Le mattine di maggio si capisce che sono di maggio perchè devono iniziare con l'innaffiare i vasi del davanzale, che sono lì da ieri, gerani bianchi e rosa in sfumatura fino al rosso acceso, quest'anno andrà così, ogni anno i colori del davanzale cambiano e anche i fiori, e ieri al mercato ho faticato non poco a sceglierli, li avrei voluti tutti bianchi ma poi non ho resistito agli altri e allora.

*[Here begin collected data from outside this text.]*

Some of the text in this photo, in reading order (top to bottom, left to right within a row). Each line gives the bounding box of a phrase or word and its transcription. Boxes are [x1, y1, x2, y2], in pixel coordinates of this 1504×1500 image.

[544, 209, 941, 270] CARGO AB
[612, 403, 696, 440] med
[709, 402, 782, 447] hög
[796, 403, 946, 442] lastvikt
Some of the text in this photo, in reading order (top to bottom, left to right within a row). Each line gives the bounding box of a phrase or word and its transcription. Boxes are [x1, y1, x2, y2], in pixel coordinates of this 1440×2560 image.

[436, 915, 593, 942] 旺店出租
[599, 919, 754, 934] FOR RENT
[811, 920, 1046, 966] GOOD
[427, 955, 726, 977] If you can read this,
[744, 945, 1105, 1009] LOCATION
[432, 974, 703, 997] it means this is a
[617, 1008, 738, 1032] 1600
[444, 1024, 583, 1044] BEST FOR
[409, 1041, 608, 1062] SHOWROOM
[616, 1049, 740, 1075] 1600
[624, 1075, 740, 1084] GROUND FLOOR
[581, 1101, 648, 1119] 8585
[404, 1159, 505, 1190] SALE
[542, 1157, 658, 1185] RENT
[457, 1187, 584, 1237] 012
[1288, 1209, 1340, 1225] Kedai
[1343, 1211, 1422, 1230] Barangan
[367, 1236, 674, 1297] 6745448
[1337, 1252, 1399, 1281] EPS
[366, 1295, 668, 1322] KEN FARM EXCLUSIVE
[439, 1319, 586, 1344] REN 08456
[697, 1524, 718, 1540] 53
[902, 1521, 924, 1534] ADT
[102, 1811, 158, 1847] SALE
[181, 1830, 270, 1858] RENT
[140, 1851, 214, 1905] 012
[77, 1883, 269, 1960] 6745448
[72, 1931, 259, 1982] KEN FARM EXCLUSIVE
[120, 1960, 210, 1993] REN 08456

La mia mattina di maggio, forse la prima che si possa davvero chiamare così, col sole, il profumo e il cielo bello, inizia che ho ancora una piccola valigia da disfare, uno scialle color glicine da risciacquare e nessun pensiero da pensare. 
Tutto questo mi fa leggera, forse ho imparato la regola del qui e ora, forse ho dato l'esame per essere finalmente in pace con il cosmo intero, ho preso la patente per stare bene, so la tecnica per allontanare con forza ogni pensiero che mi fa male e che mi rende stupida, che mi fa arrotolare su me stessa come un serpente nel cestino.
Fuori, la mattina di maggio è appena iniziata, col sole che sorride e fiori e foglie e erba nuova e cose belle.
Laverò la Vespa, i vetri, toglierò piumoni e coperte pesanti, metterò fiori un pò ovunque, e un pò ovunque colori e bellezza. Siamo di  maggio, è così che funziona.


Commenti

Mena ha detto…
Buongiorno di maggio, tanta serenità !
alda ha detto…
Vorrei che tutte le mattine fossero mattine di maggio ,dentro e fuori! Baci Alda.